Employee engagement is critical in a virtual/work-at-home environment. Deliberate employee engagement translates to greater employee performance and accountability. Some leaders in the work-at-home space continue to struggle on how to do this. New leadership strategies and skills need to be deliberately reengineered for this new virtual environment.

The first step is acknowledgment. Employees need to hear that their leaders understand they aren’t meeting the engagement level that employees need in a virtual work-at-home environment. Employees are looking for transparency. It’s OK if leaders don’t have all the answers. Employees don’t expect leadership to be perfect, but employees do expect transparency and honesty from their leaders.

The second step is to realize that “the people know the answer.” Employees know what they need and want—so ask them. Get personal with your employees.
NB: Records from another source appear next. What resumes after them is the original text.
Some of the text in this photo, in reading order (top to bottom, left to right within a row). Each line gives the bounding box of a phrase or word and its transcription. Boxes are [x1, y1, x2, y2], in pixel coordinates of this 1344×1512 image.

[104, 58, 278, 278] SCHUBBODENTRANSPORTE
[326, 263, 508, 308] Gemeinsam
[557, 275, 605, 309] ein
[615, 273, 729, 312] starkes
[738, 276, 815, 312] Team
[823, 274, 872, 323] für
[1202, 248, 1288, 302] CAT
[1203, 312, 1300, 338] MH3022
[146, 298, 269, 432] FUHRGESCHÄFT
Have team meetings where the team delegates someone to bring their ideas to a focus group. Post all the ideas on a discussion board, highlighting the top 10. Employees understand that companies can’t do everything they suggest, but acknowledging the ideas—even the crazy ones, like giving everyone a $20,000 bonus—is important. This demonstrates that leadership is listening. Now you have the attention of the entire employee base.
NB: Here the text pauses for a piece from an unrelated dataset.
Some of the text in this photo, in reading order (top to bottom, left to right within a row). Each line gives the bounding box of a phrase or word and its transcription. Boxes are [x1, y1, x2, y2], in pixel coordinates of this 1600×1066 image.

The third step is to let the employees cultivate a few of those ideas and utilize a “pilot program” to see how the employees as a whole like them. Include a once-a-week survey or utilize a discussion board for comments on the “pilot program.” When employees own the process, they own the outcome. Don’t underestimate your employees. Remember, “the people know the answer”—so ask them.
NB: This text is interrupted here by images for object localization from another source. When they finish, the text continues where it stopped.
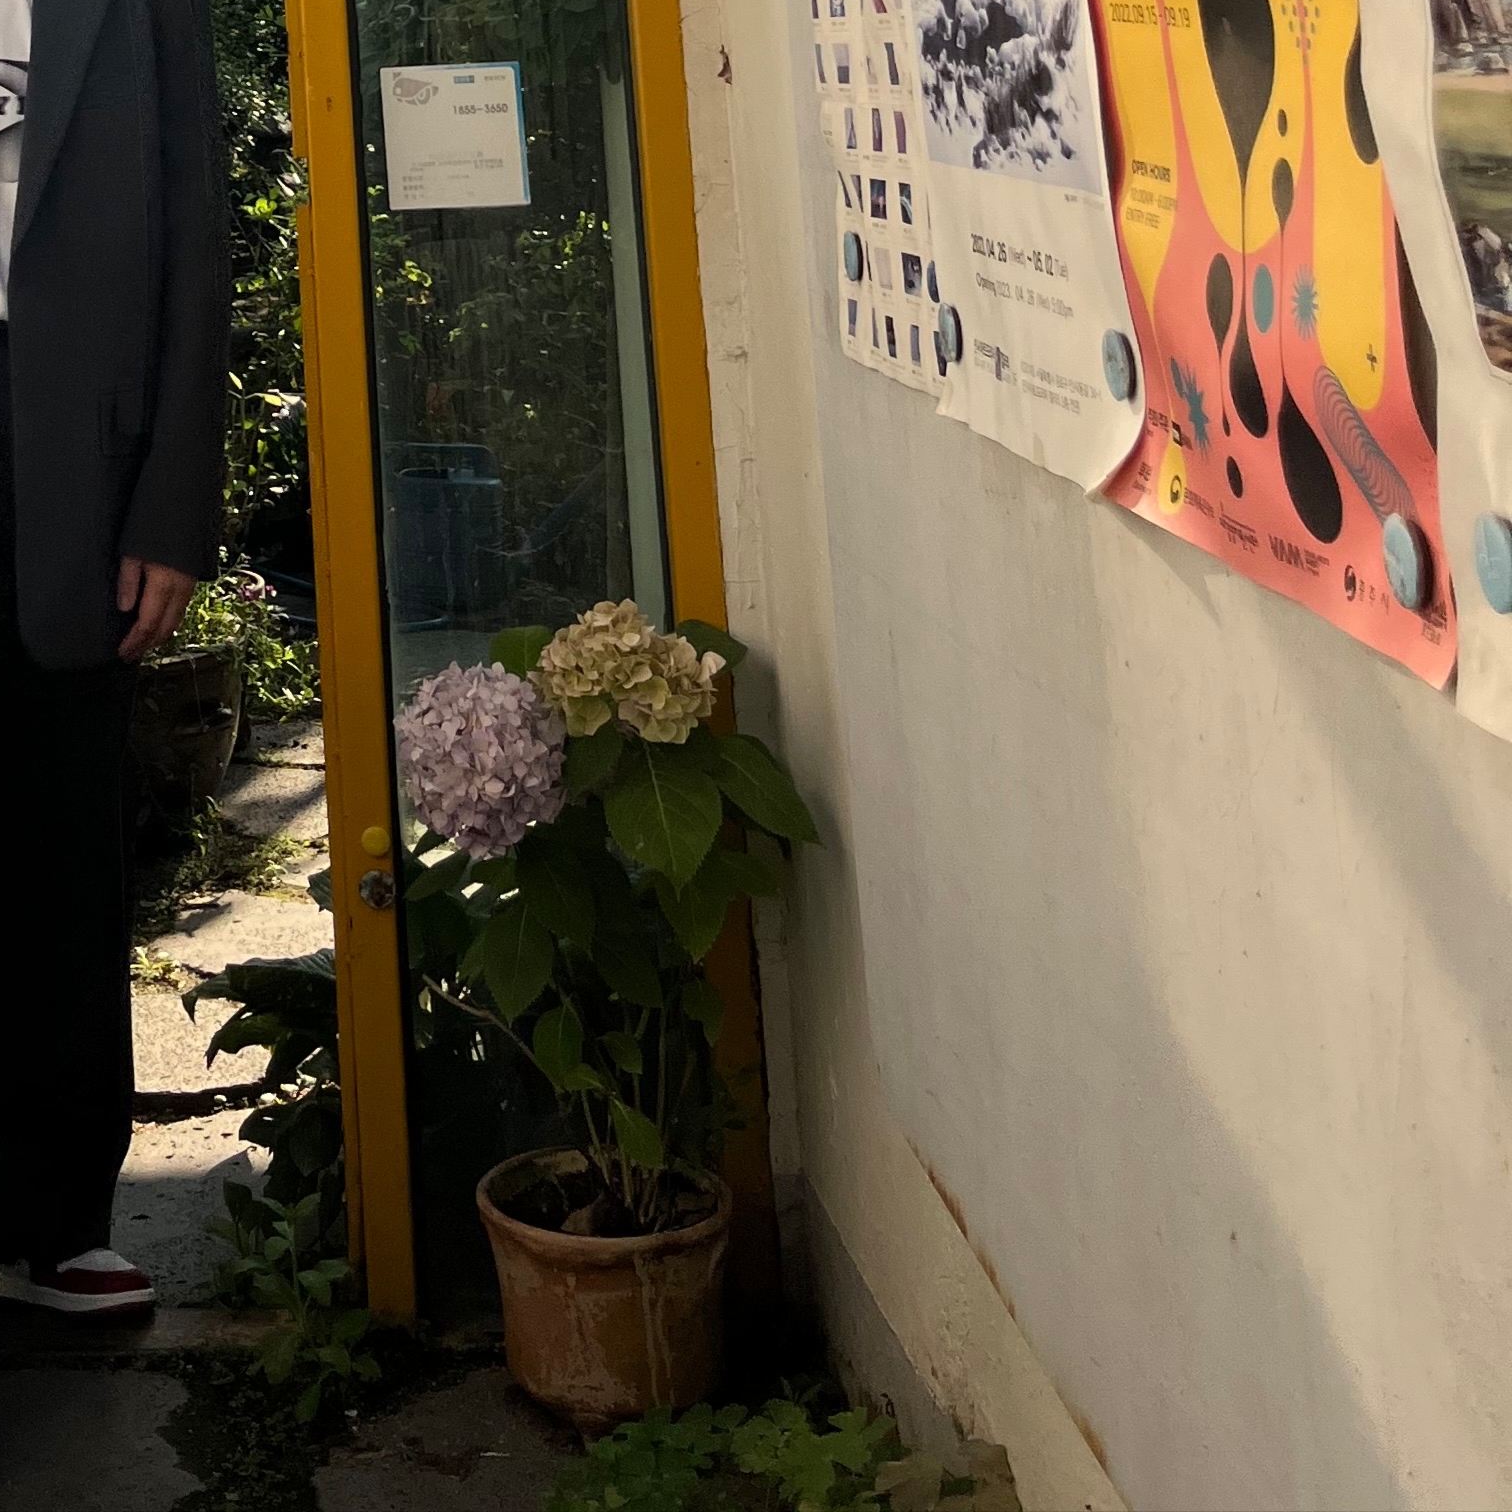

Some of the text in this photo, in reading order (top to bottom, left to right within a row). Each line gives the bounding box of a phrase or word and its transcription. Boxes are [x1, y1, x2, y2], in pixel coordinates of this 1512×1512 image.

[1108, 2, 1158, 26] 2022.09.15
[1163, 6, 1191, 28] 09.19
[452, 103, 509, 116] 1855-3650
[1131, 158, 1171, 183] OPEN HOURS
[1126, 207, 1144, 224] ENTRY
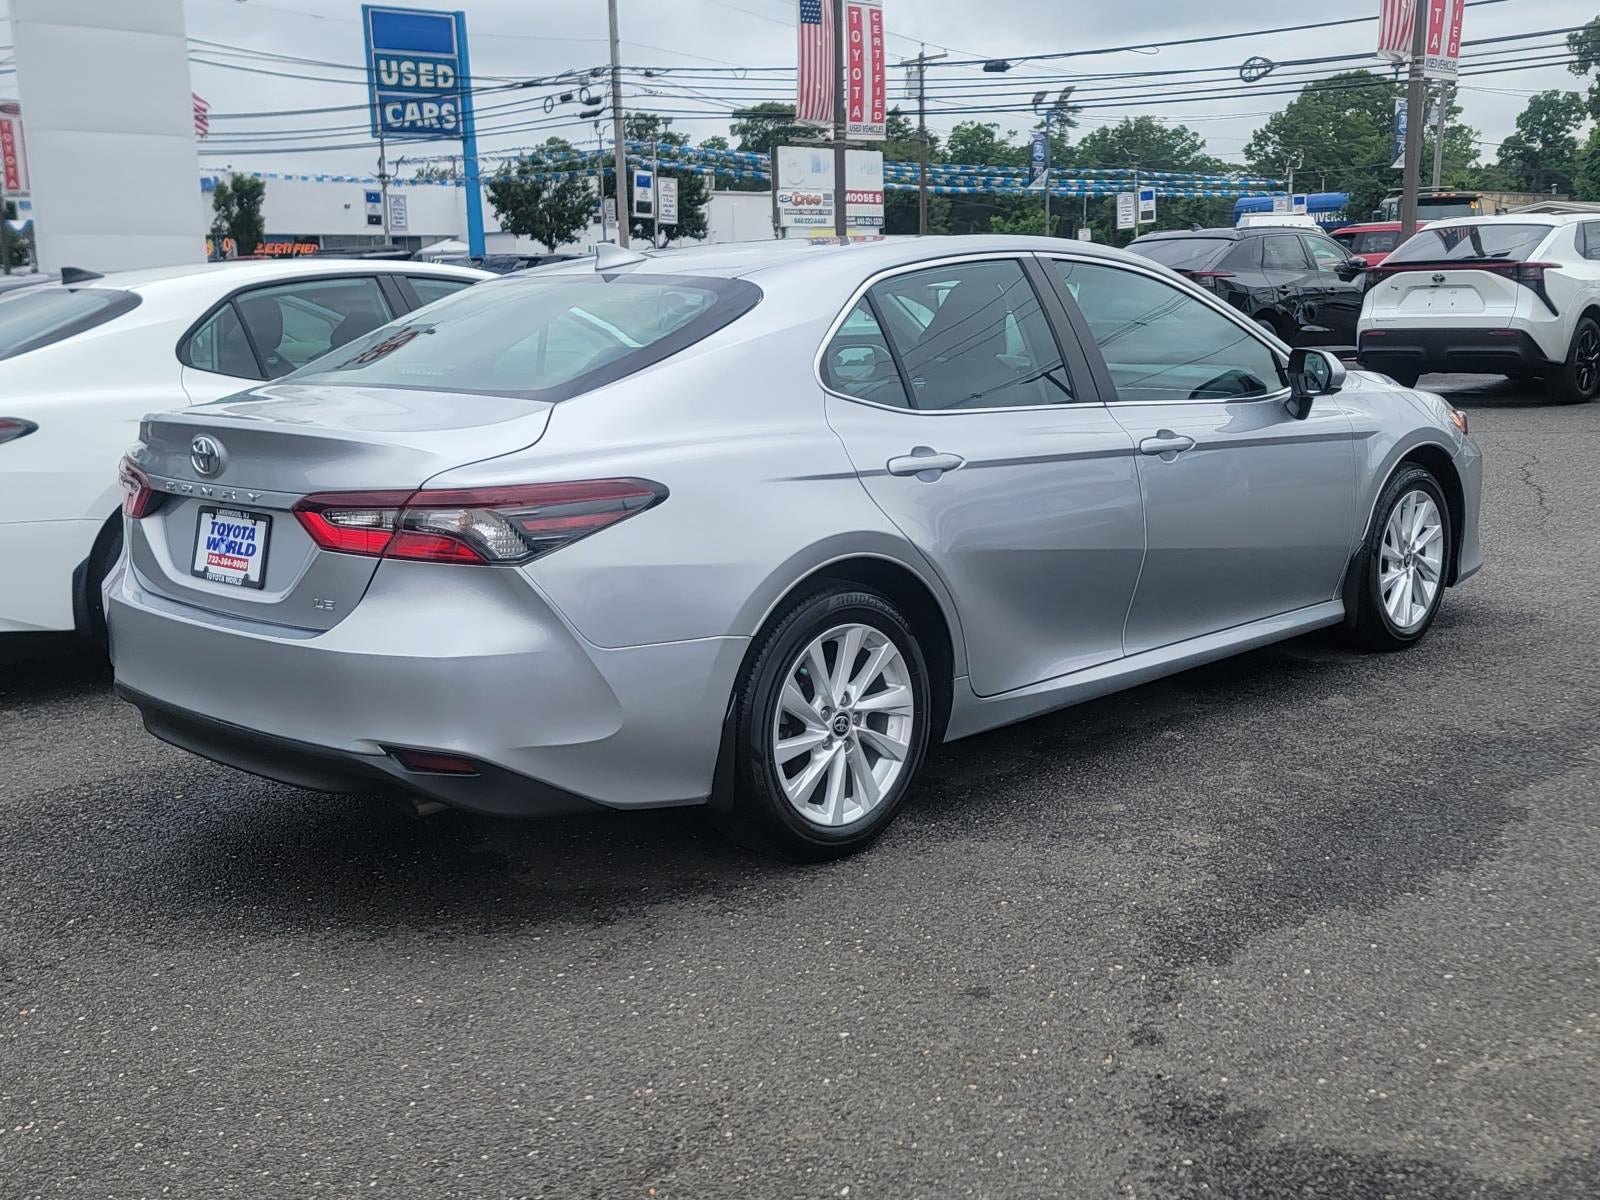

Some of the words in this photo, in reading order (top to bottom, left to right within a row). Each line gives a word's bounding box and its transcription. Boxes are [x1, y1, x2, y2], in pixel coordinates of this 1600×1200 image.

[379, 59, 455, 88] USED
[850, 11, 861, 118] TOYOTA
[872, 12, 883, 120] CERTIFIED
[385, 101, 457, 129] CARS
[164, 481, 263, 502] CAMRY
[210, 521, 256, 541] TOYOTA
[206, 536, 257, 557] WORLD
[206, 572, 225, 582] TOYOTA
[225, 576, 243, 586] WORLD
[313, 599, 335, 611] LE
The fourth step is over-the-top communication. Communicate everything so rumors don’t start. Communicate both the positive and negative. Communicate the “why.” Communicate multiple times a day using multiple channels. This may seem like a huge amount of communication, but people tend to gravitate to different channels. Again, this isn’t about forcing them to one channel; it’s about engaging them in the channel they prefer and explaining what’s going on. Leadership should consistently do this to build the trust of the employees.

Yes, this all takes time. Leaders will spend the time either way: By being strategic on the front end and making deliberate decisions on how to engage employees or on the back end doing damage control—more performance management, more verbal and written warnings, and more schedule changes. They will spend more time talking with employees to get them back on track again, reducing productivity. So taking the time to put together a new virtual communication strategy is critical to employee engagement and success. 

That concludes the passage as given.